Gil Brewer's not really forgotten. In fact, he's having something of a revival now, what with the recent reprints by Stark House Press and the proposed four-volume collection of his stories to be published by Dancing Tuatara Press in cooperation with Ramble House. And now New Pulp Press is re-issuing Flight to Darkness, originally published by Gold Medal in 1952.
This is one of those stories that Brewer and Gold Medal did so well, with the first-person narrator pushed from one seemingly impossible situation to the next. Eric Garth is hospitalized after the Korean War for "battle fatigue." He keeps having a dream that he's beaten his brother to death, and he's afraid that if he's released from the hospital, he'll make the dream come true.

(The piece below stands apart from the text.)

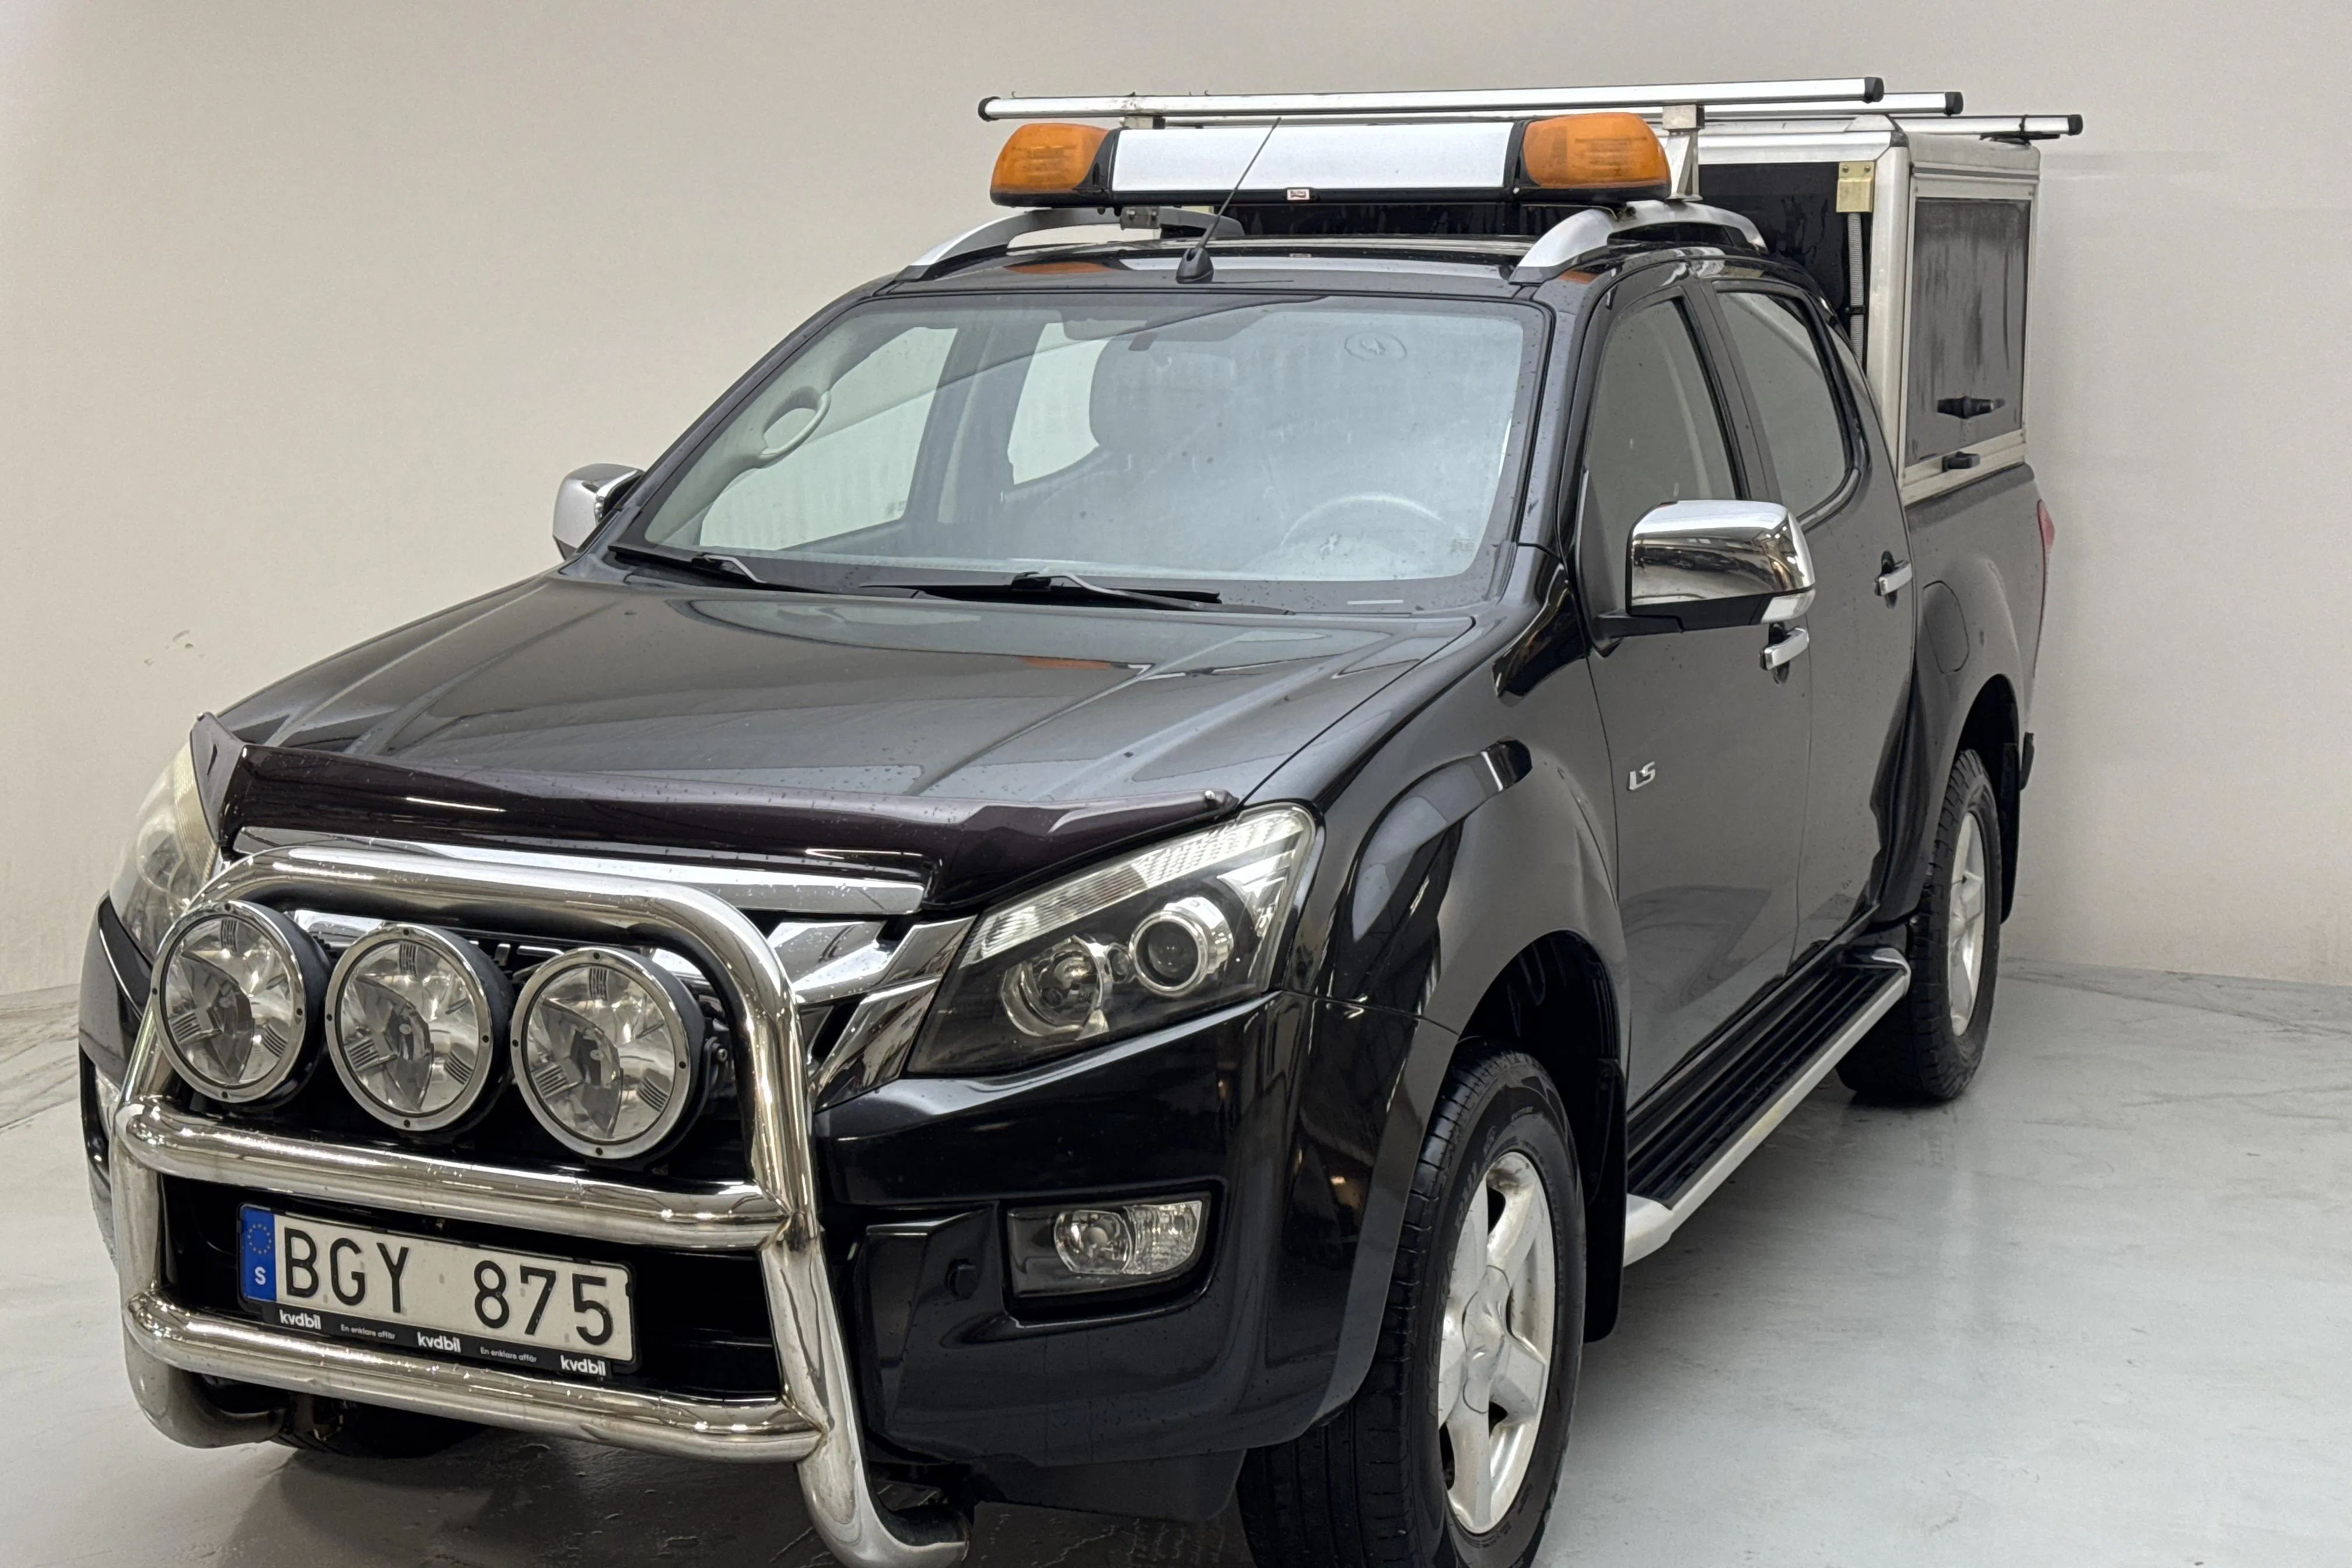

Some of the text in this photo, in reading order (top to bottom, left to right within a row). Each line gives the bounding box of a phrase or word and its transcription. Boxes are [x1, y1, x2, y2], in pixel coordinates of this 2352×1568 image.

Then he meets a nurse named Leda. Wow. Leda is one of those Gold Medal women who exudes sex appeal. She is sex appeal. Eric has to have her. He knows she's trouble, but she's impossible to resist. Eric wins his release, and the next thing he knows, he's framed for a hit-and-run accident. Then he's locked away in another hospital. Leda and his brother show up to visit him, and now they're man and wife.
Eric escapes and returns to his hometown. His brother's a wealthy man, and he has no intention of giving Eric his half of the family business. Leda gets Eric in bed again. Then Frank is brutally murdered in just the manner of the dream.
Leda is as bad as they come, and Eric is just as driven as she is. When it comes to depicting people like this, all rough edges and raw emotion, Brewer comes close to his friend Harry Whittington. Both can grab a reader on the first page and wring him out for a couple of hundred more. If you like the old paperbacks with their fast action and blue-collar desperation, grab this new edition and give Brewer a try.
5 comments:
But does Leda ever do anything but exude/personify Dangerous Sexiness?
Some days that's enough, certainly. As with Bruno Fischer, Brewer is a guy I've been reading, off and on, all my literate life. Seems odd, somehow, that he might be obscure.
It's the inevitable doom of stories like these, the certainty that no matter what, things can't come to a good ending for the protagonist, that made me like reading them when I was younger and makes me cautious of them today. I don't seem to care for books that leave me, or the characters, up in the air nor leaves everyone wallowing in misery. Maybe there's just enough misery in the world these days that I don't need a lot more of it in my reading. Not that I only read happy-happy, but I do like to think there some chance the protagonist can win.
I like the older cover much better.
Some of the GM books avoided the absolute downer ending, Rick, but not all of them. I've gone through the same transition you have, and I know seem to gravitate toward lighter fare.
Thanks, Bill. I believe I'll grab my copy that old edition out of a box.